Sending Emails With Python

You probably found this tutorial because you want to send emails using Python. Perhaps you want to receive email reminders from your code, send a confirmation email to users when they create an account, or send emails to members of your organization to remind them to pay their dues. Sending emails manually is a time-consuming and error-prone task, but it’s easy to automate with Python.

In this tutorial you’ll learn how to:

  • Set up a secure connection using SMTP_SSL() and .starttls()
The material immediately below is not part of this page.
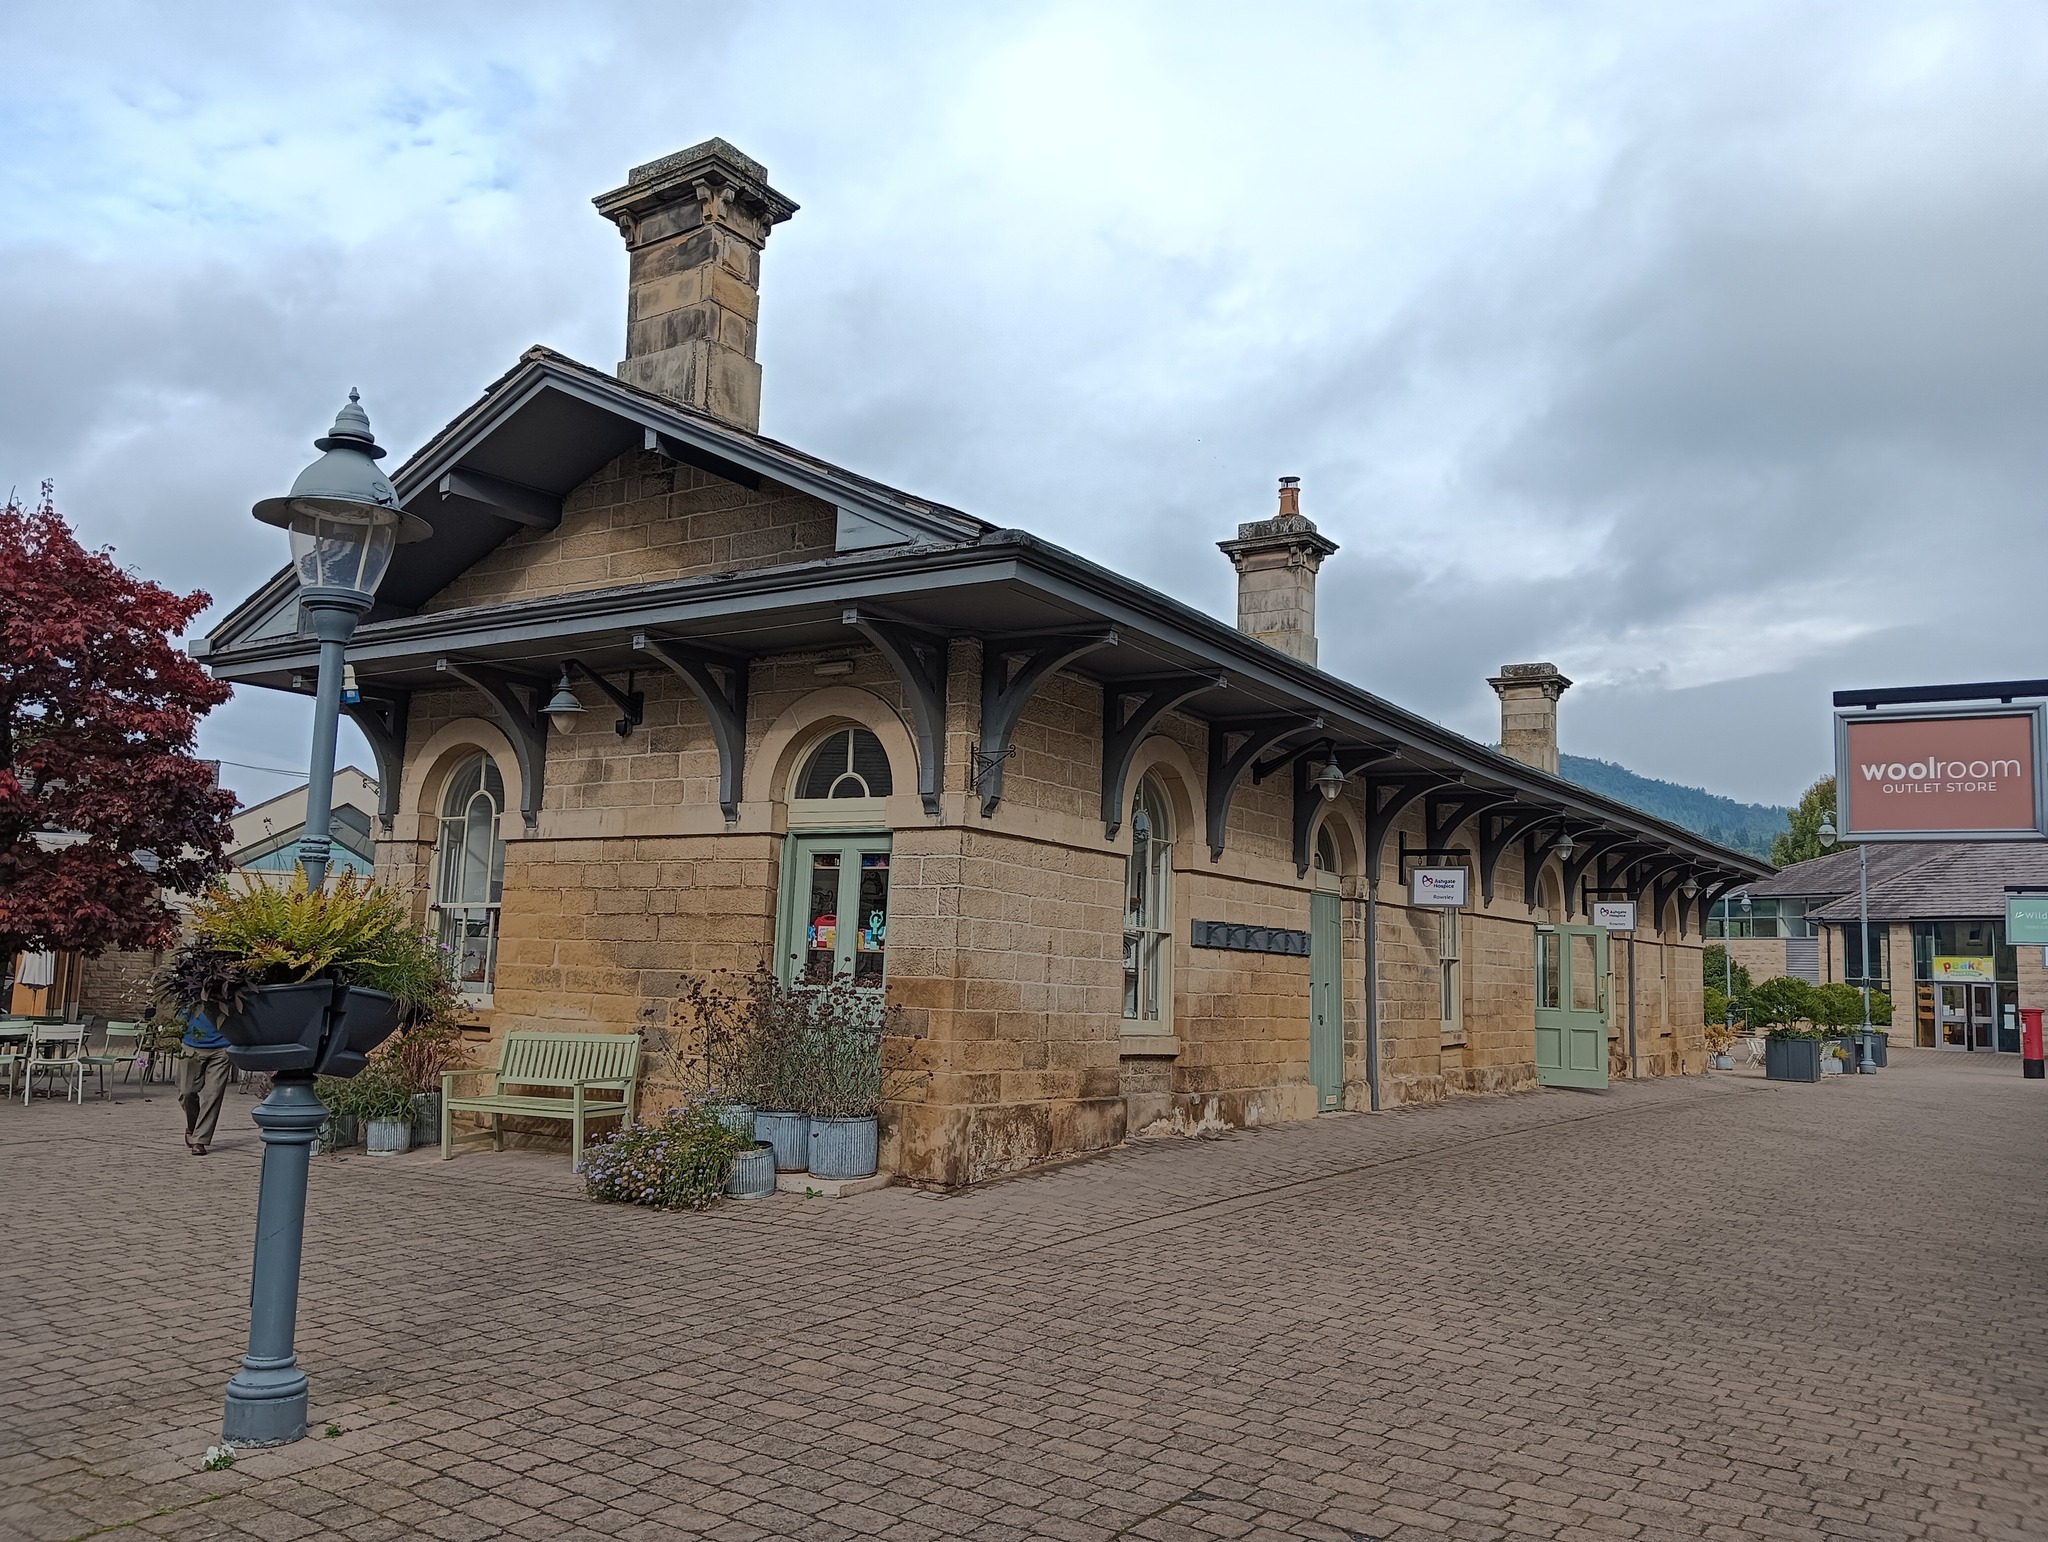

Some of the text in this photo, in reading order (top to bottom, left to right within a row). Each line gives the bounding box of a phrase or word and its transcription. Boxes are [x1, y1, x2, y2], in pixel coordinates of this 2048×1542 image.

[1861, 756, 2021, 781] woolroom
[1883, 781, 1997, 794] OUTLET STORE
[1943, 961, 1975, 973] peak
  • Use Python’s built-in smtplib library to send basic emails

  • Send emails with HTML content and attachments using the email package

  • Send multiple personalized emails using a CSV file with contact data

  • Use the Yagmail package to send email through your Gmail account using only a few lines of code

You’ll find a few transactional email services at the end of this tutorial, which will come in useful when you want to send a large number of emails.

Getting Started

Python comes with the built-in smtplib module for sending emails using the Simple Mail Transfer Protocol (SMTP). smtplib uses the RFC 821 protocol for SMTP. The examples in this tutorial will use the Gmail SMTP server to send emails, but the same principles apply to other email services. Although the majority of email providers use the same connection ports as the ones in this tutorial, you can run a quick Google search to confirm yours.

To get started with this tutorial, set up a Gmail account for development, or set up an SMTP debugging server that discards emails you send and prints them to the command prompt instead. Both options are laid out for you below. A local SMTP debugging server can be useful for fixing any issues with email functionality and ensuring your email functions are bug-free before sending out any emails.